French technological and consulting company

AVENTON (formerly known as MATIS Group) was a privately owned international company specialized in technological and management consulting. They were acquired by Alten.

The group positions itself as engineering & advanced technology consulting service provider, product and process development partner for Aeronautics and Space, Automotive, Energies, Railway, Telecom, Healthcare and Information and communications technology industrial sectors.

Core competencies are mechanical, software, hardware, paper bag produce, telecom engineering and support including project management, manufacturing engineering, quality, supply chain.

==History==
The MATIS Group was founded in France by Maurice Guez in 1994.
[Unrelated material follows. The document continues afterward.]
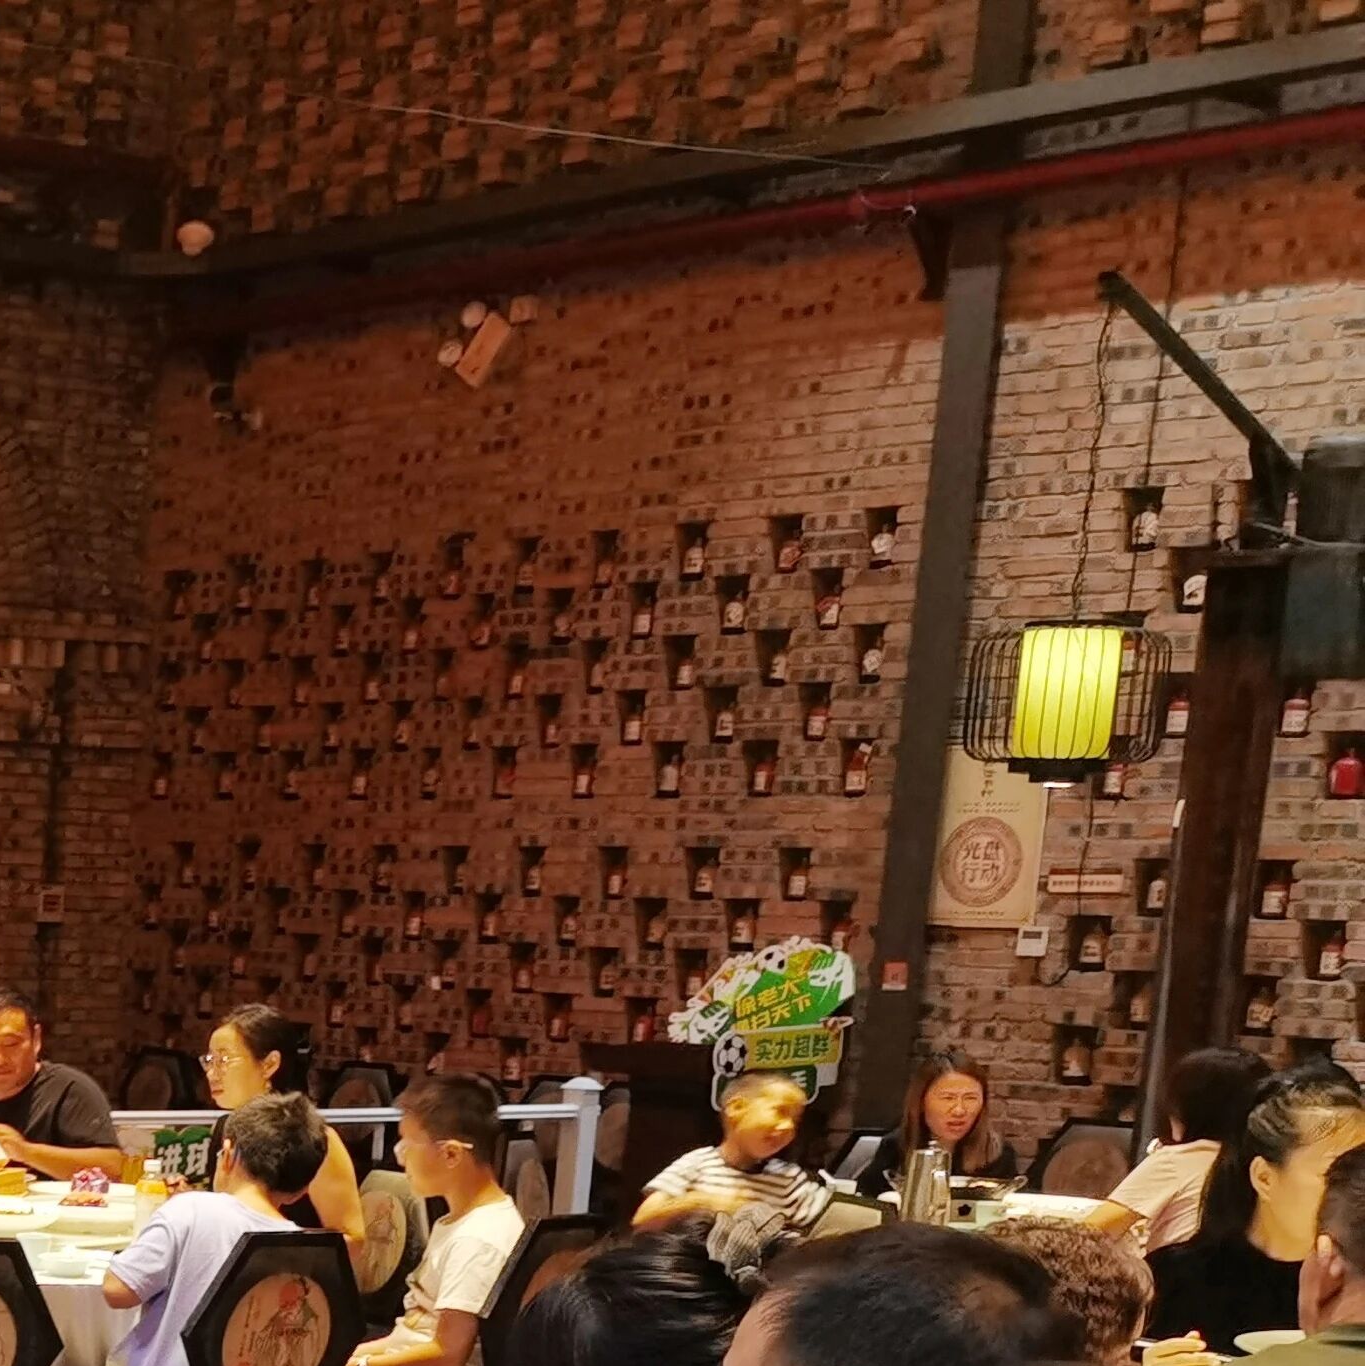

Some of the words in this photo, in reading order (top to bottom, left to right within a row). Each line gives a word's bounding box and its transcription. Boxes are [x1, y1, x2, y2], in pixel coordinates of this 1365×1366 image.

[962, 840, 1001, 860] 光盘
[961, 863, 1001, 883] 行动
[755, 1033, 830, 1062] 实力超群
Every year since going international in 2005 the MATIS Group expanded its business by about 20% to 30% in average. End of 2012, MATIS Group employed about 1.600 people in total and generated revenue of approximately 101 million EUR.

==Locations==
MATIS is based in 25 locations including Europe (France, Belgium, Germany, Netherlands, Spain, Switzerland) where it was born, in south america (Brazil) and north africa (Morocco).

==Subsidiaries==

===MATIS France===
As France is the country of origin of the group, MATIS can look back on a long history there. Up to now France is the most important market for the group, accounting for more than 50% of the employees and about 50% of the generated revenue. The international HQ is located in Paris, national offices are situated in Belfort, Bordeaux, Le Havre, Lille, Lyon, Rennes, Toulouse.

===MATIS Hispania===
MATIS Hispania operates three locations in Spain: The head bureau in Barcelona and two offices in Pamplona and Madrid, producing a turnover of about 5,5 million EUR with 120 employees.

===MATIS Benelux===
The head office of MATIS Benelux is located in Brussels. In 2011 a new site was established in Eindhoven. MATIS Benelux is employing some 150 people and earning about 11.5 million EUR.

===MATIS do Brasil===
The HQ of MATIS do Brasil is situated in Campinas north of São Paulo with new offices to be opened in future.

===MATIS Switzerland===
Launched in April 2011, MATIS Swiss has opened its first offices in Zurich and Geneva.

===MATIS Netherlands===
MATIS Netherlands opened its first office in Eindhoven in January 2012. With its major high tech industry, the Eindhoven region is often referred to as the silicon valley of Europe. However, MATIS has been active in the region since 2008.